Astronomers are stunned by a mysterious piece of space junk orbiting Earth in unusual ways.
It is believed that the stain, which is up to 370 miles from the Earth's surface, is an "empty" garbage bag object.
It is believed to be a remnant of a rocket launch – but experts can not figure out which spaceship they are from.
Empty garbage bag objects – also called ETBOs – are often in an unpredictable way in orbit given their size and shape.
They can stretch over a dozen feet, but tend to be incredibly light, with this object weighing less than 2 pounds.
Scientists say they are not sure what the object is, probably just a piece of lightweight material like metallic foil left over from a space mission.
But it sent Sky Watchers into a frenzy when discovered by the ATLAS Telescope of the Asteroid Terrestrial Impact System (ATLAS) in Haleakala, Hawaii. 1
Astronomers called the object A10bMLz and said it was "extremely light" but also about a dozen feet long.

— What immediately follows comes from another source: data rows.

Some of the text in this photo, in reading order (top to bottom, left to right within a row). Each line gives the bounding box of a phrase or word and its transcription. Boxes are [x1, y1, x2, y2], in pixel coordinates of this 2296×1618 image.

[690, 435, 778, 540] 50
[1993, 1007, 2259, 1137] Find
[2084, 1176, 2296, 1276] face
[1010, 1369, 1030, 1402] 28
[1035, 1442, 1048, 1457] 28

In a Facebook post, the Northolt Branch Observatories said, "This indicates that it is a so-called 'empty garbage bag object'.
"A piece of lightweight material (probably metal foil) left over from a rocket launch. It is not yet clear when A10bMLz was launched.

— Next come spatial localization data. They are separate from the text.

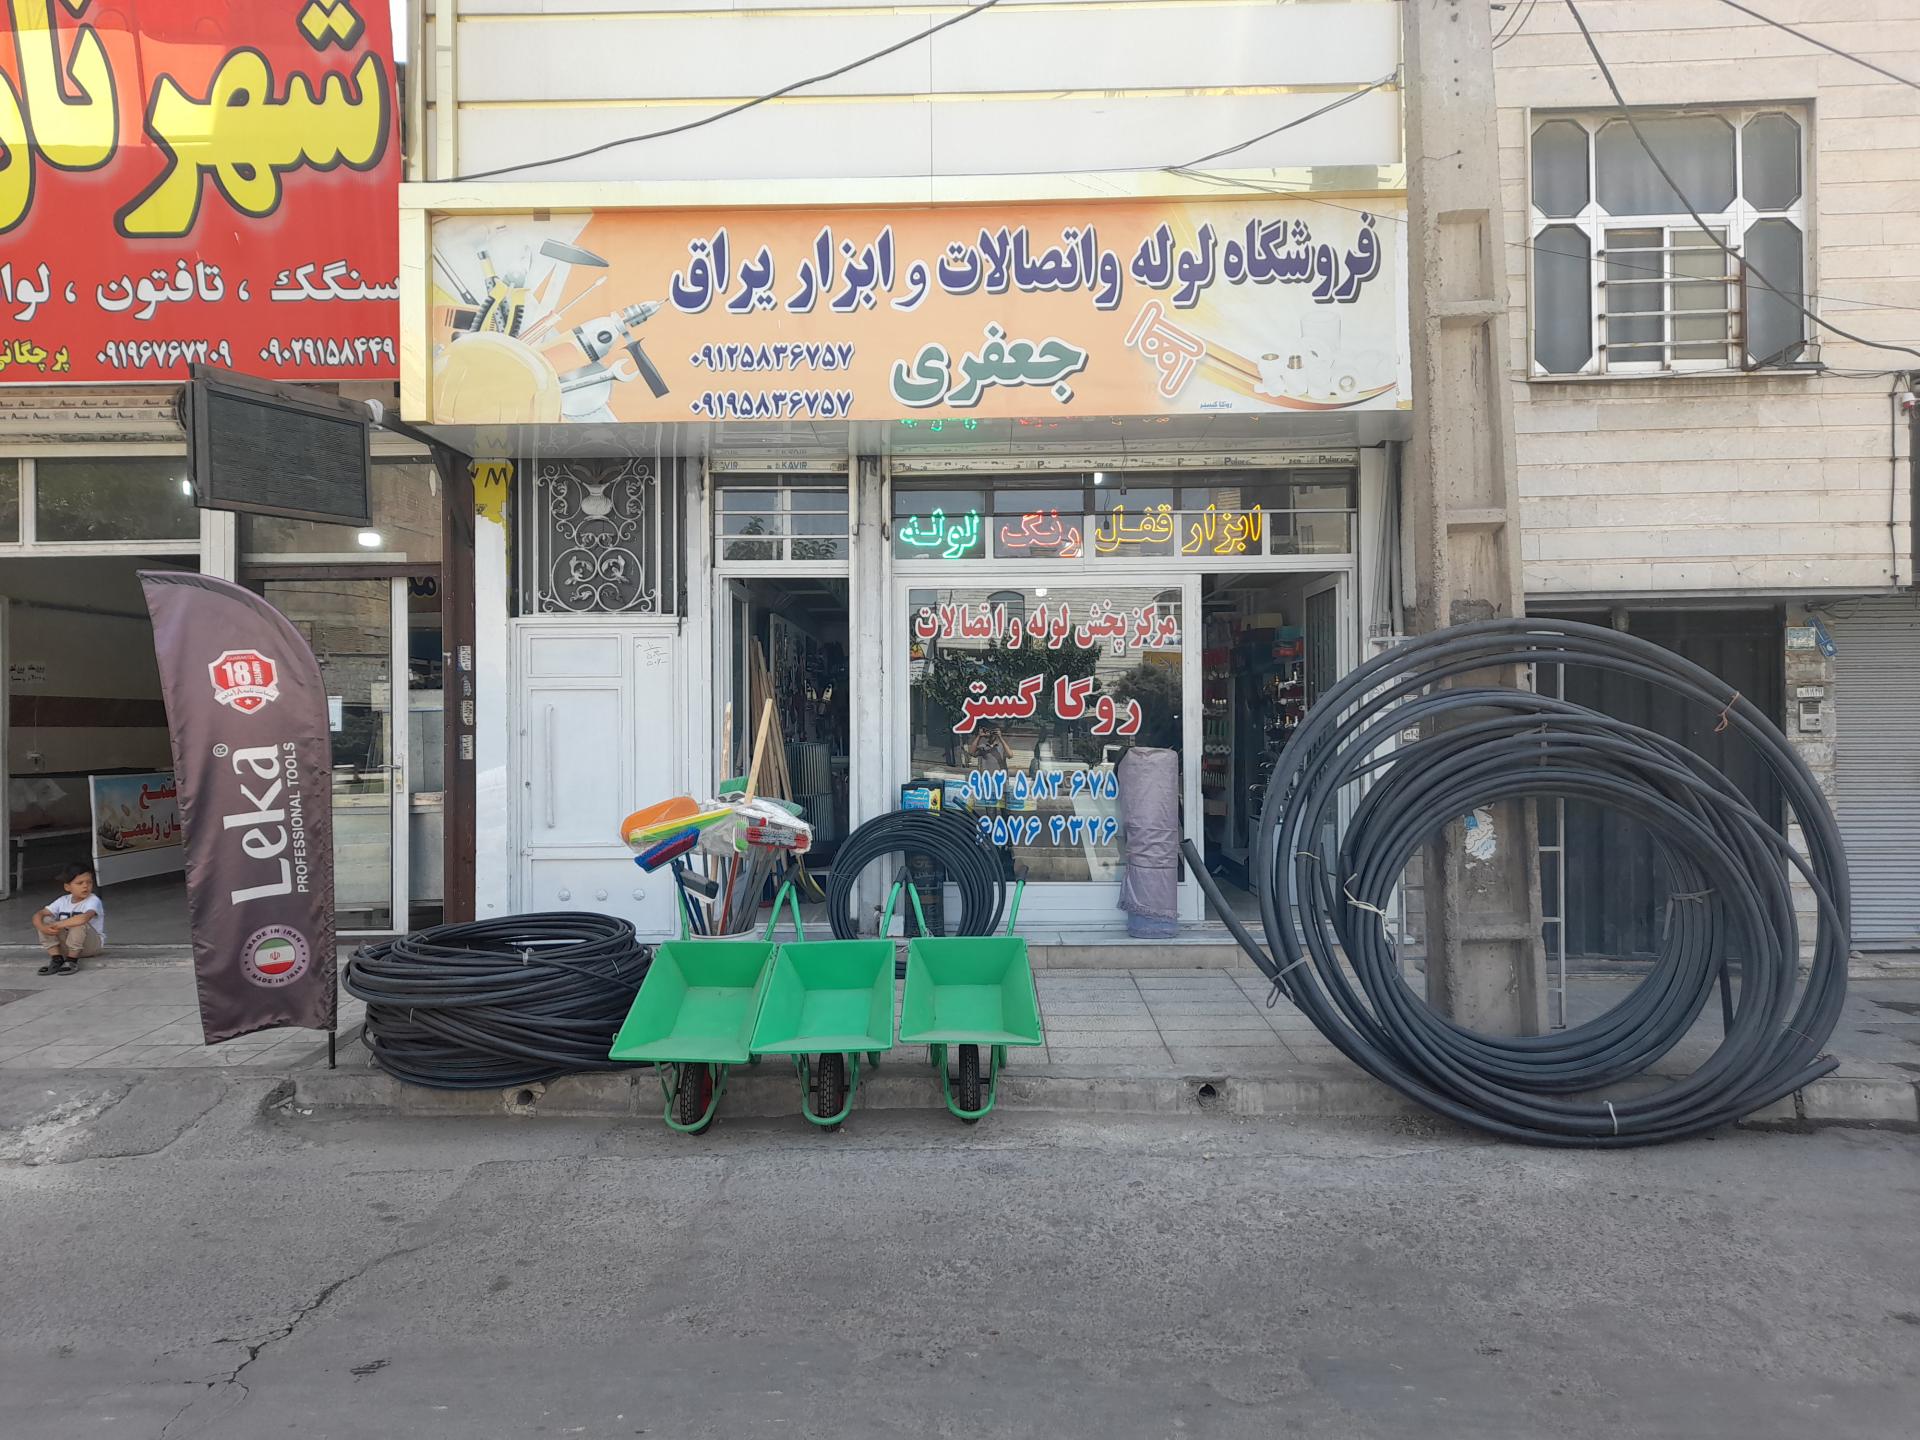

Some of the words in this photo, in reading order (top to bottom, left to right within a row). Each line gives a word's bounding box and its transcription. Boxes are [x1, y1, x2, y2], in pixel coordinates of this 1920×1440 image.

[0, 0, 119, 236] نا
[114, 0, 390, 238] شهر
[670, 227, 777, 313] یراق
[785, 225, 894, 313] ابزار
[1131, 220, 1217, 309] لوله
[1223, 212, 1381, 302] فروشگاه
[0, 261, 51, 321] لوا
[96, 259, 225, 321] تافتون
[96, 339, 232, 369] ۰۹۱۹۶۷۶۷۲۰۹
[260, 336, 396, 366] ۰۹۰۲۹۱۵۸۴۴۹
[689, 343, 854, 371] ۰۹۱۲۵۸۳۶۷۵۷
[889, 320, 1088, 407] جعفری
[689, 390, 853, 419] ۰۹۱۹۵۸۳۶۷۵۷
[782, 461, 808, 470] KAVIR
[900, 508, 979, 558] لوله
[1002, 509, 1081, 558] رنگ
[1095, 504, 1173, 551] قفل
[1181, 504, 1262, 552] ابزار
[1026, 603, 1070, 649] لوله
[1075, 599, 1127, 652] پخش
[1130, 603, 1178, 649] مرکز
[222, 660, 251, 687] 18
[953, 674, 1044, 734] گستر
[283, 742, 299, 787] TOOLS
[960, 769, 1007, 800] ۰۹۱۲
[1013, 769, 1064, 800] ۵۸۳
[223, 744, 292, 905] Leka
[289, 790, 309, 893] PROFESSIONAL
[1048, 814, 1118, 846] ۴۳۲۶
[247, 931, 267, 950] MADE
[282, 928, 302, 943] IRAN
[251, 973, 272, 984] MADE
[286, 965, 303, 980] IRAN

Astronomers continued to be confused when they noticed that the object was moving in the opposite direction than it should.

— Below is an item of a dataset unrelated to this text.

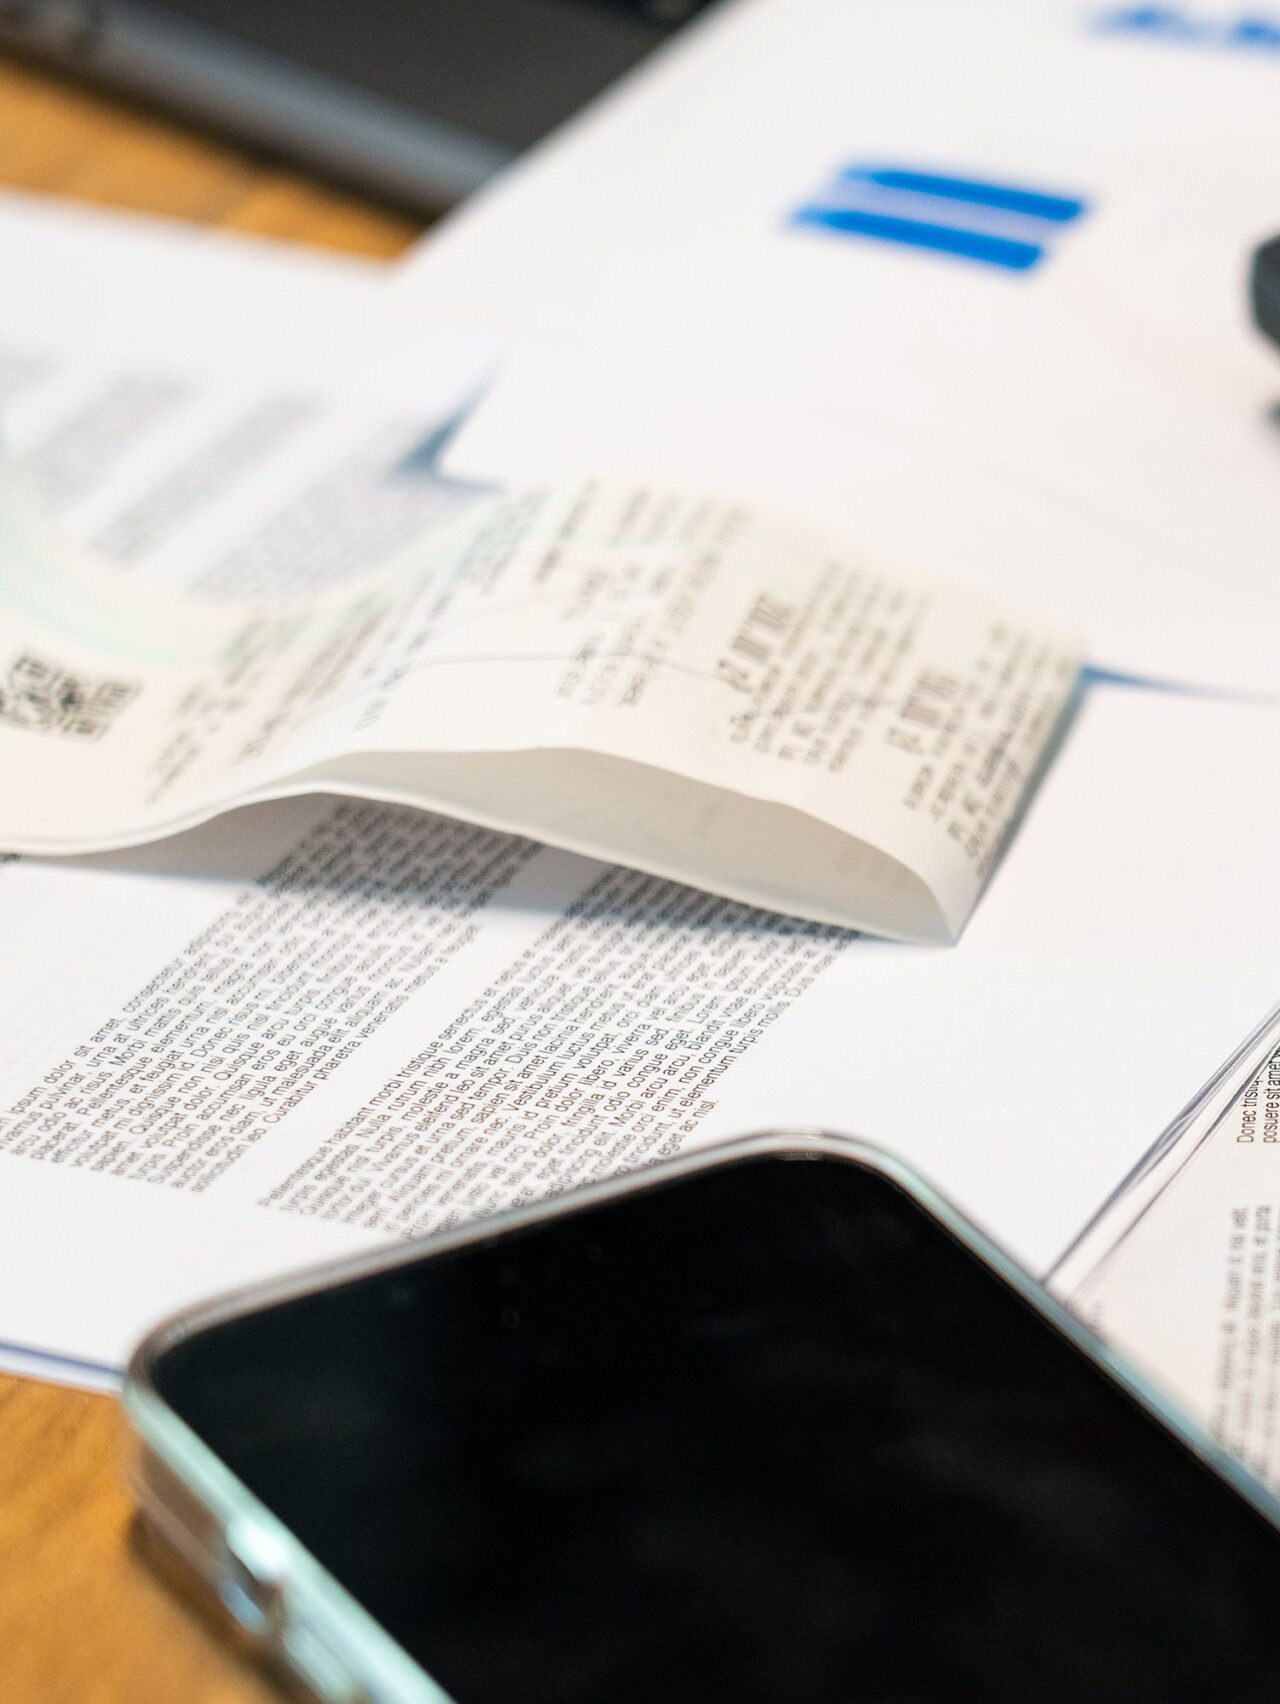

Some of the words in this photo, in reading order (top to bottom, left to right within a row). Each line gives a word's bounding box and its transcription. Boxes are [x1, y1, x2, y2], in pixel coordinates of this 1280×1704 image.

A10bMLz was moving "backwards," said the scientists – rather than the "advancing" West-East
Northolt Branch Observatories added, "The orbit is highly elliptical with a perigee only 600 km above the Earth's surface and a 1.4 times apogee than the Moon.
This huge orbit – a first for an ETBO – makes it even harder to identify the origin of the object.
"At present, we have no idea The origin of this object," said Project Pluto, which produces planetarium software.
"This is mainly due to the fact that the previous trajectory is really uncertain.
"Like an empty garbage bag that blows down the street, it can zigzag and spike in an unpredictable manner."
Pressure from the Sun's radiation is sufficient to send the lightweight object in strange directions.  It can even burn within a few months in the Earth's atmosphere before scientists can find out where it came from, added Northolt Branch Observatory.